Work order: Give back the listing in full and exactly, leaving out the images.

------------------------------

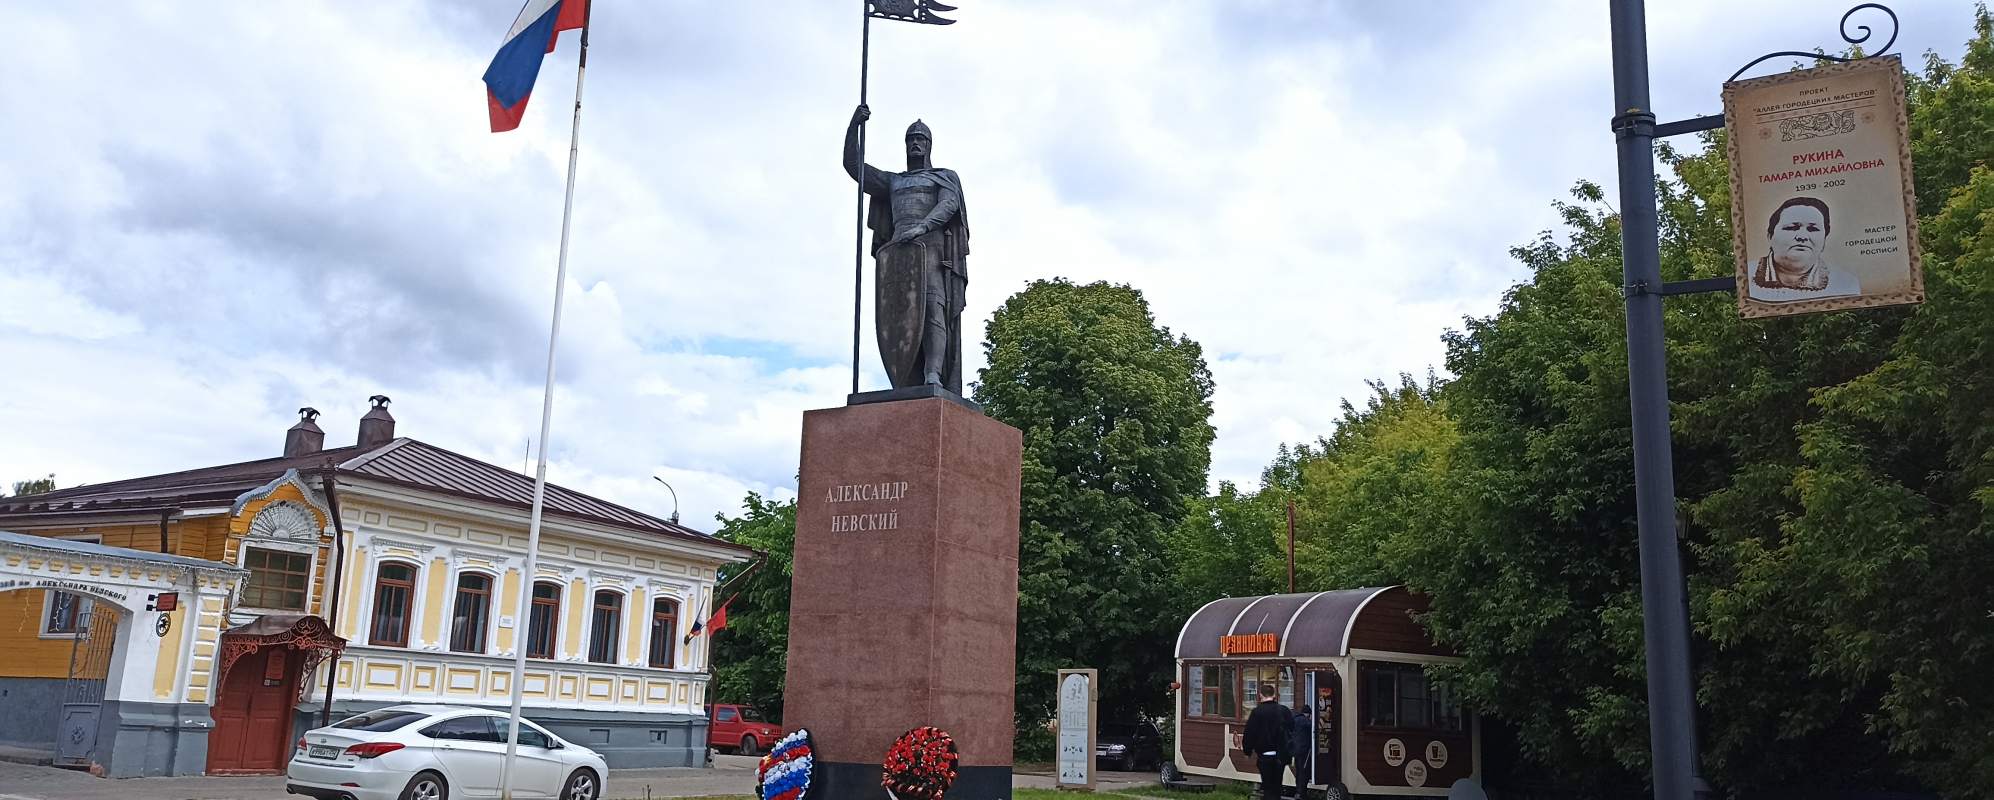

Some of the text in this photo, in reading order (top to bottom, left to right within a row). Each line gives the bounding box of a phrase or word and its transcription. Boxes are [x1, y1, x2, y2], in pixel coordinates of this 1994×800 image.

[1800, 87, 1828, 96] ПРОЕКТ
[1782, 98, 1831, 109] ГОРОДЕЦКИХ
[1792, 149, 1845, 164] РУКИНА
[1758, 159, 1885, 183] ТАМАРА МИХАЙЛОВНА
[1795, 183, 1817, 192] 1939
[1823, 179, 1846, 188] 2002
[1864, 224, 1896, 233] МАСТЕР
[1860, 246, 1898, 255] РОСПИСИ
[824, 481, 909, 503] АЛЕКСАНДР
[831, 508, 899, 533] НЕВСКИЙ
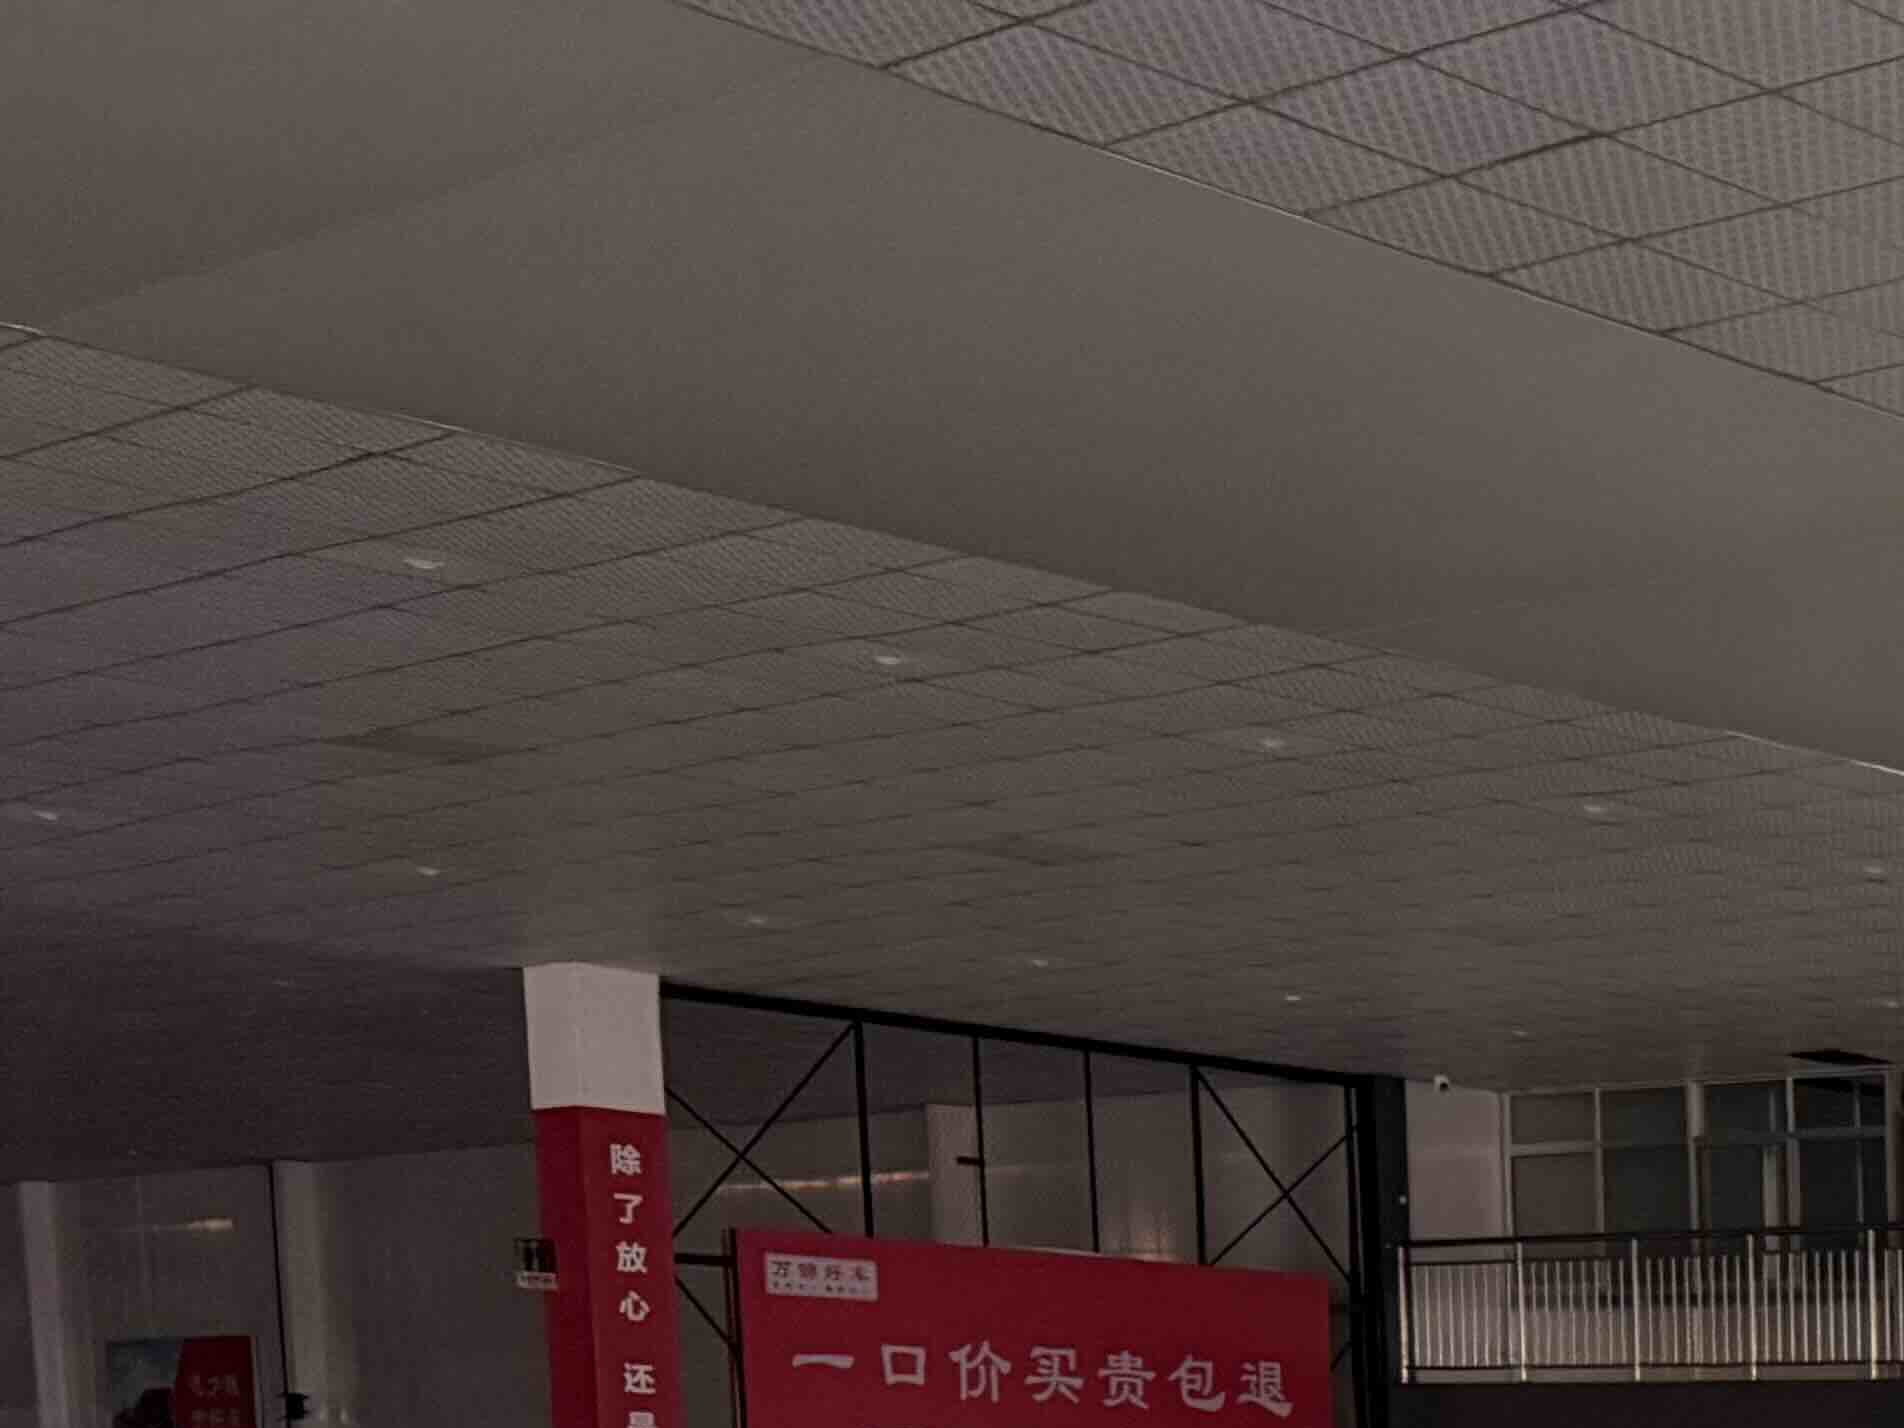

------------------------------

Solution to this task:
Some of the text in this photo, in reading order (top to bottom, left to right within a row). Each line gives the bounding box of a phrase or word and its transcription. Boxes are [x1, y1, x2, y2], in pixel coordinates of this 1994×800 image.

[1800, 87, 1828, 96] ПРОЕКТ
[1782, 98, 1831, 109] ГОРОДЕЦКИХ
[1792, 149, 1845, 164] РУКИНА
[1758, 159, 1885, 183] ТАМАРА МИХАЙЛОВНА
[1795, 183, 1817, 192] 1939
[1823, 179, 1846, 188] 2002
[1864, 224, 1896, 233] МАСТЕР
[1860, 246, 1898, 255] РОСПИСИ
[824, 481, 909, 503] АЛЕКСАНДР
[831, 508, 899, 533] НЕВСКИЙ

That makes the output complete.